Segment Open

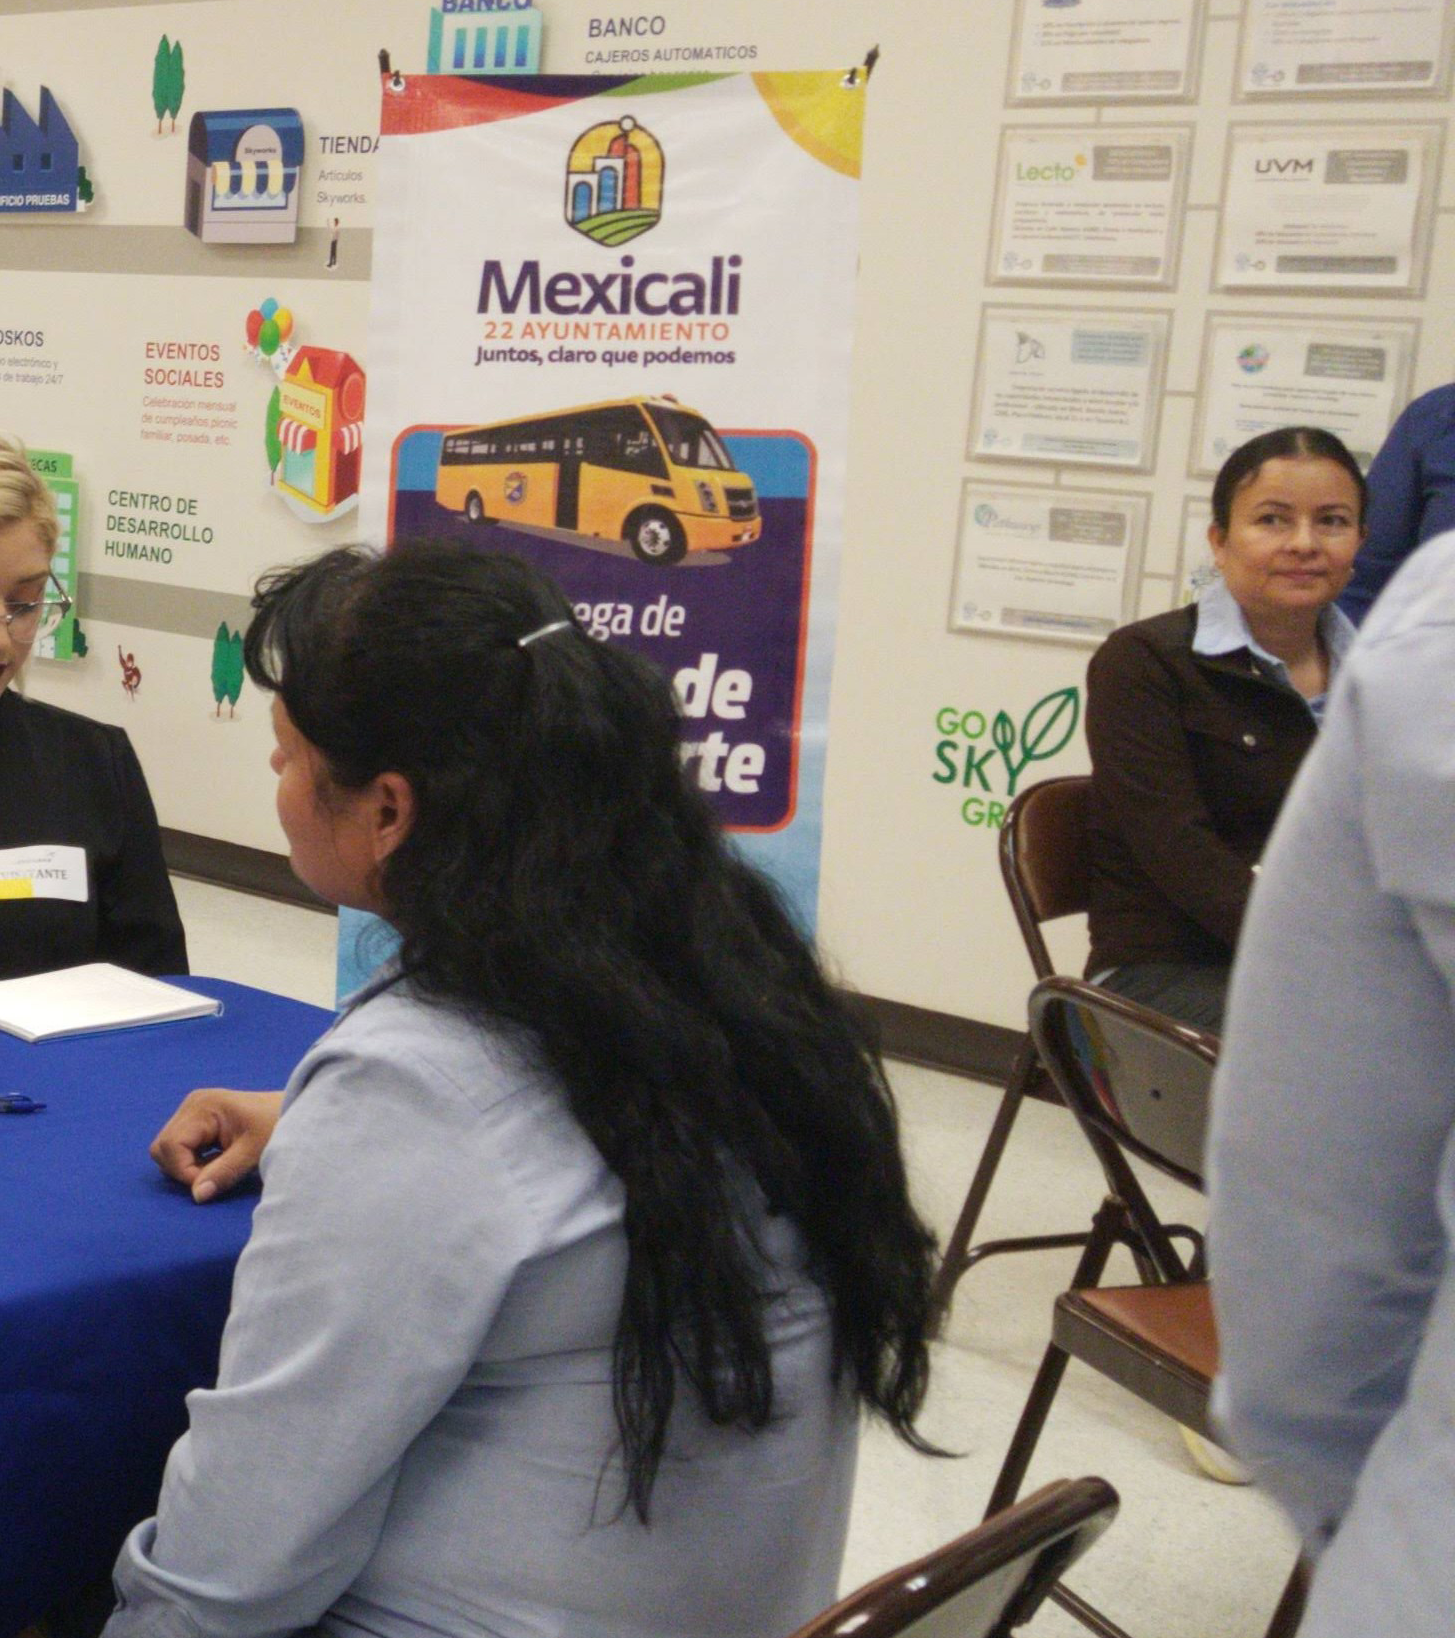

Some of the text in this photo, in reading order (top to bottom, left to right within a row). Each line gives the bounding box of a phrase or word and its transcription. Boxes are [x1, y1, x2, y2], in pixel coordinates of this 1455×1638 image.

[587, 16, 666, 38] BANCO
[585, 45, 758, 64] CAJEROS AUTOMATICOS
[1015, 162, 1076, 181] Lecto
[1254, 158, 1314, 174] UVM
[26, 194, 70, 206] PRUEBAS
[477, 254, 742, 316] Mexicali
[484, 321, 730, 341] 22 AYUNTAMIENTO
[145, 342, 220, 362] EVENTOS
[474, 346, 736, 368] Juntos, claro que podemos
[144, 368, 224, 389] SOCIALES
[283, 394, 322, 419] EVENTOS
[108, 489, 198, 516] CENTRO DE
[106, 515, 214, 544] DESARROLLO
[105, 540, 173, 565] HUMANO
[640, 594, 686, 637] de
[935, 706, 987, 740] GO

Segment Closed

• [WHAT TO PRODUCE] Every entry belongs in the answer exactly as written, but no picture does.

• [SOLUTION TO THIS PROBLEM]
Some of the text in this photo, in reading order (top to bottom, left to right within a row). Each line gives the bounding box of a phrase or word and its transcription. Boxes are [x1, y1, x2, y2], in pixel coordinates of this 1455×1638 image.

[587, 16, 666, 38] BANCO
[585, 45, 758, 64] CAJEROS AUTOMATICOS
[1015, 162, 1076, 181] Lecto
[1254, 158, 1314, 174] UVM
[26, 194, 70, 206] PRUEBAS
[477, 254, 742, 316] Mexicali
[484, 321, 730, 341] 22 AYUNTAMIENTO
[145, 342, 220, 362] EVENTOS
[474, 346, 736, 368] Juntos, claro que podemos
[144, 368, 224, 389] SOCIALES
[283, 394, 322, 419] EVENTOS
[108, 489, 198, 516] CENTRO DE
[106, 515, 214, 544] DESARROLLO
[105, 540, 173, 565] HUMANO
[640, 594, 686, 637] de
[935, 706, 987, 740] GO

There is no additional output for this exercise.